TASK DIRECTIONS —
Output all entries exactly; images excluded.

### DATA FOR THIS EXERCISE

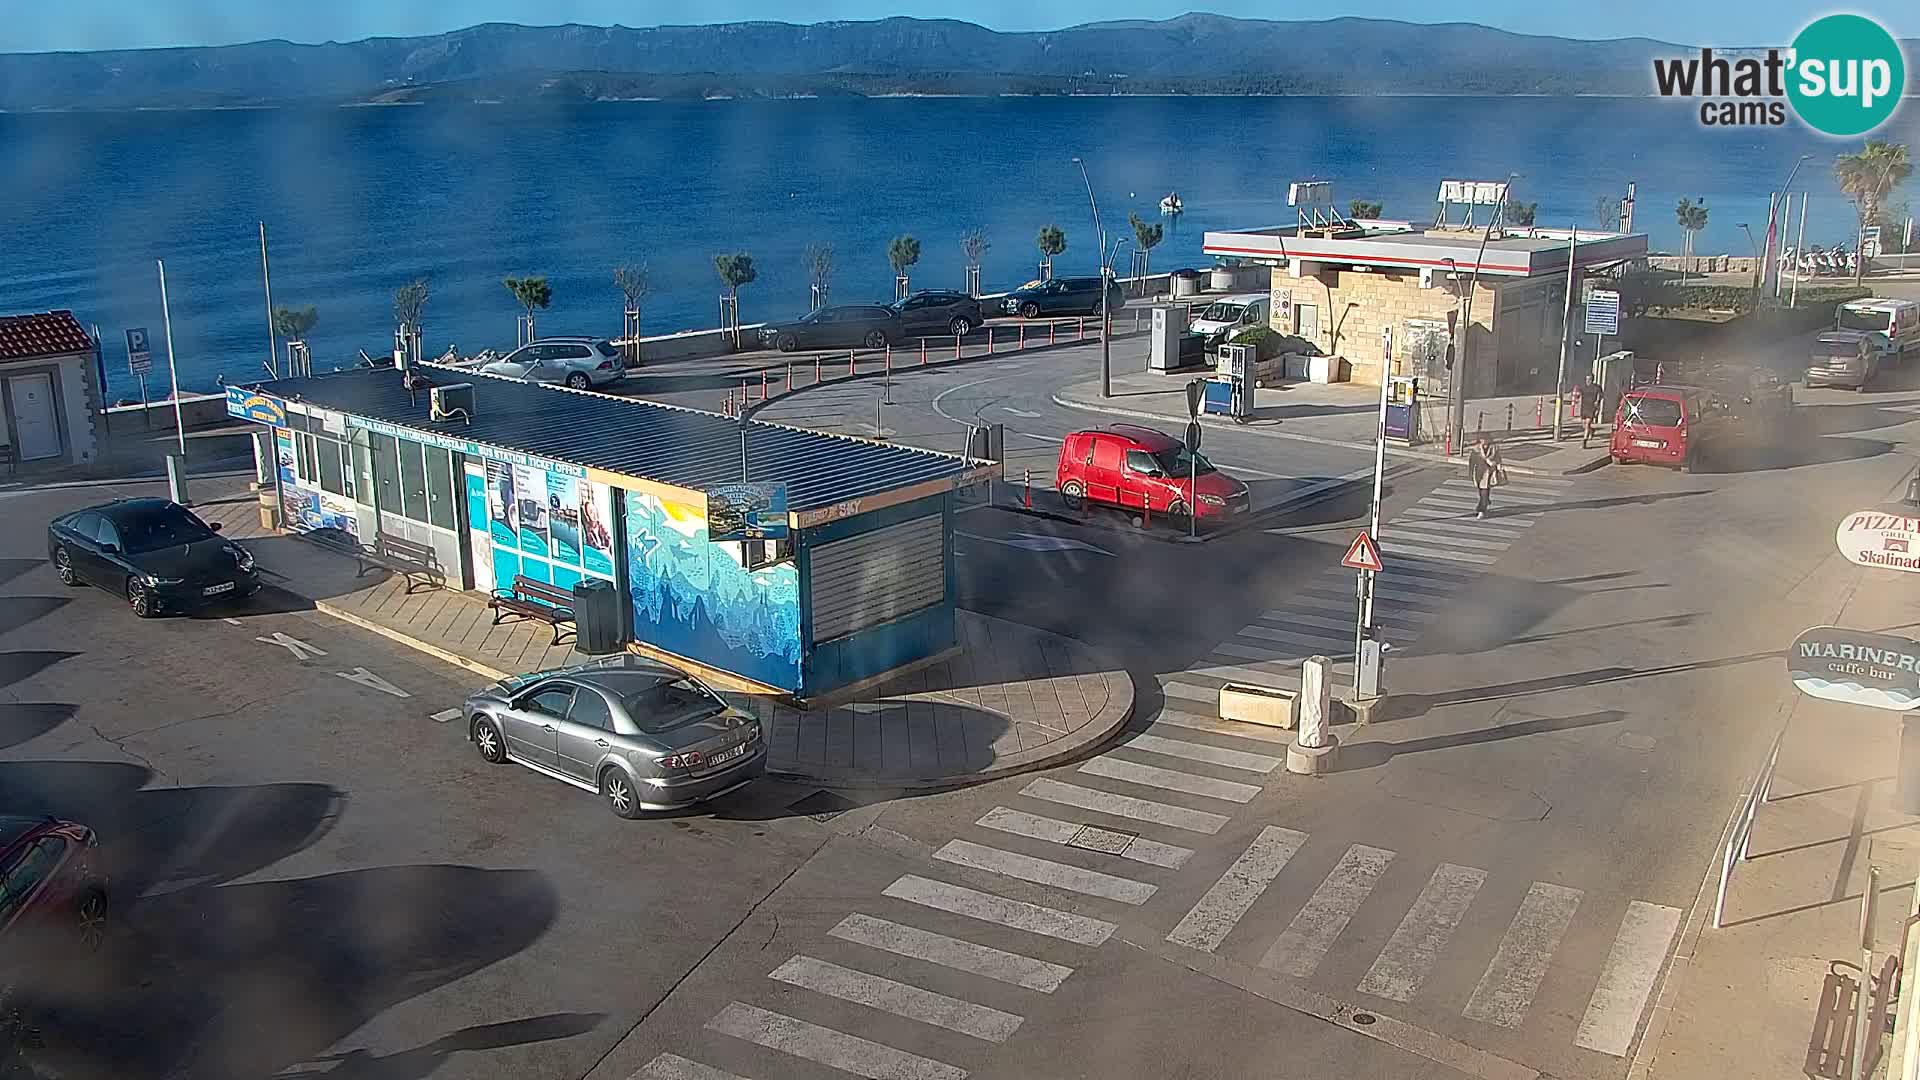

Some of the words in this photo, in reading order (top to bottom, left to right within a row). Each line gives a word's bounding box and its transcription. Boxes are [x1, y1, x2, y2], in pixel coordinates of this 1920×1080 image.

[131, 331, 144, 350] P
[478, 445, 494, 458] BUS
[495, 450, 527, 465] STATION
[528, 456, 554, 472] TICKET
[556, 462, 582, 477] OFFICE
[1828, 661, 1865, 676] caffe
[1869, 665, 1896, 680] bar

######

SOLVED EXERCISE —
Some of the words in this photo, in reading order (top to bottom, left to right within a row). Each line gives a word's bounding box and its transcription. Boxes are [x1, y1, x2, y2], in pixel coordinates of this 1920×1080 image.

[131, 331, 144, 350] P
[478, 445, 494, 458] BUS
[495, 450, 527, 465] STATION
[528, 456, 554, 472] TICKET
[556, 462, 582, 477] OFFICE
[1828, 661, 1865, 676] caffe
[1869, 665, 1896, 680] bar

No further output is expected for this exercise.